Nephrogenic diabetes insipidus, which can be inherited or acquired, is characterized by an inability to concentrate urine despite normal or elevated plasma concentrations of the antidiuretic hormone arginine vasopressin. Polyuria, with hyposthenuria, and polydipsia are the cardinal clinical manifestations of the disease. About 90% of patients with congenital nephrogenic diabetes insipidus are males with the X-linked recessive form of the disease (OMIM 304800) who have mutations in the arginine vasopressin receptor 2 gene (AVPR2), which codes for the vasopressin V2 receptor. The gene is located in chromosomal region Xq28. In <10% of the families studied, congenital nephrogenic diabetes insipidus has an autosomal-recessive or autosomal-dominant (OMIM 222000 and 125800, respectively) mode of inheritance.
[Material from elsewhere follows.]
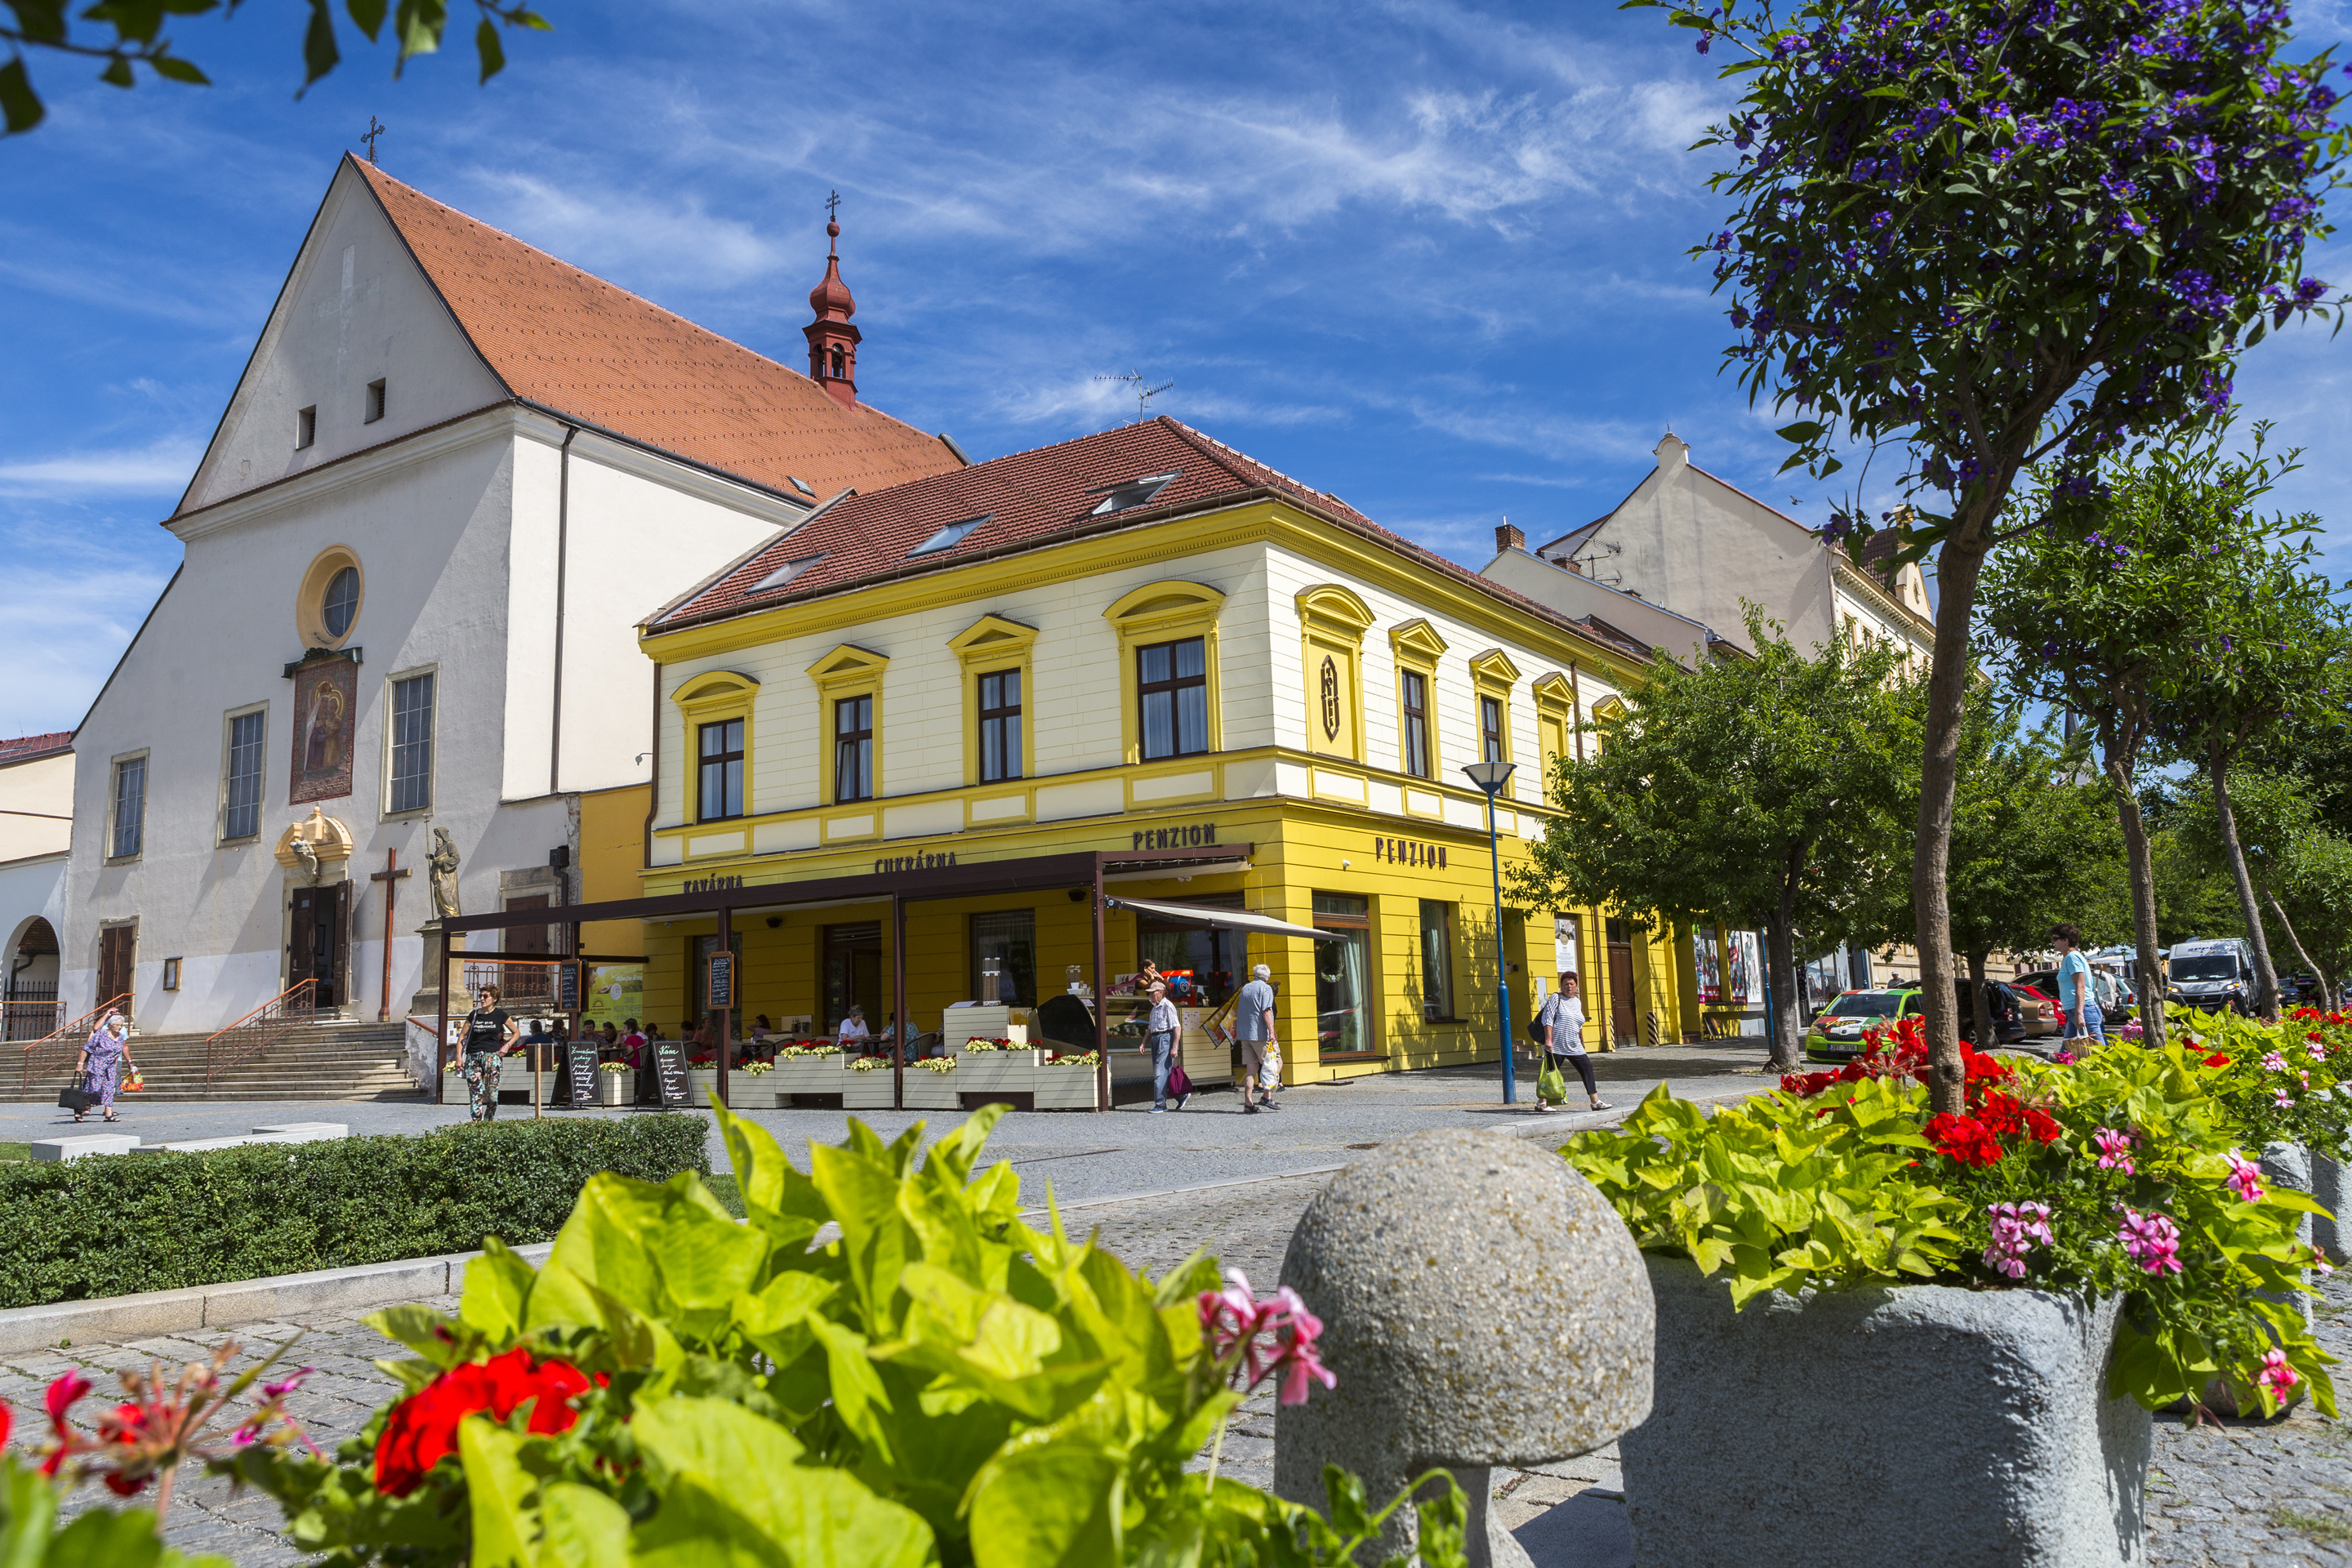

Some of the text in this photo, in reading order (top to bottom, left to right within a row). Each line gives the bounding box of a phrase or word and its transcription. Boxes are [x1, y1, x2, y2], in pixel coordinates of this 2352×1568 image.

Mutations have been identified in the aquaporin-2 gene (AQP2), which is located in chromosome region 12q13 and codes for the vasopressin-sensitive water channel. When studied in vitro, most AVPR2 mutations result in receptors that are trapped intracellularly and are unable to reach the plasma membrane. A few mutant receptors reach the cell surface but are unable to bind arginine vasopressin or to properly trigger an intracellular cyclic AMP signal. Similarly, aquaporin-2 mutant proteins are misrouted and cannot be expressed at the luminal membrane. Chemical or pharmacological chaperones have been found to reverse the intracellular retention of aquaporin-2 and arginine vasopressin receptor 2 mutant proteins. Because many hereditary diseases stem from the intracellular retention of otherwise functional proteins, this mechanism may offer a new therapeutic approach to the treatment of those diseases that result from errors in protein kinesis.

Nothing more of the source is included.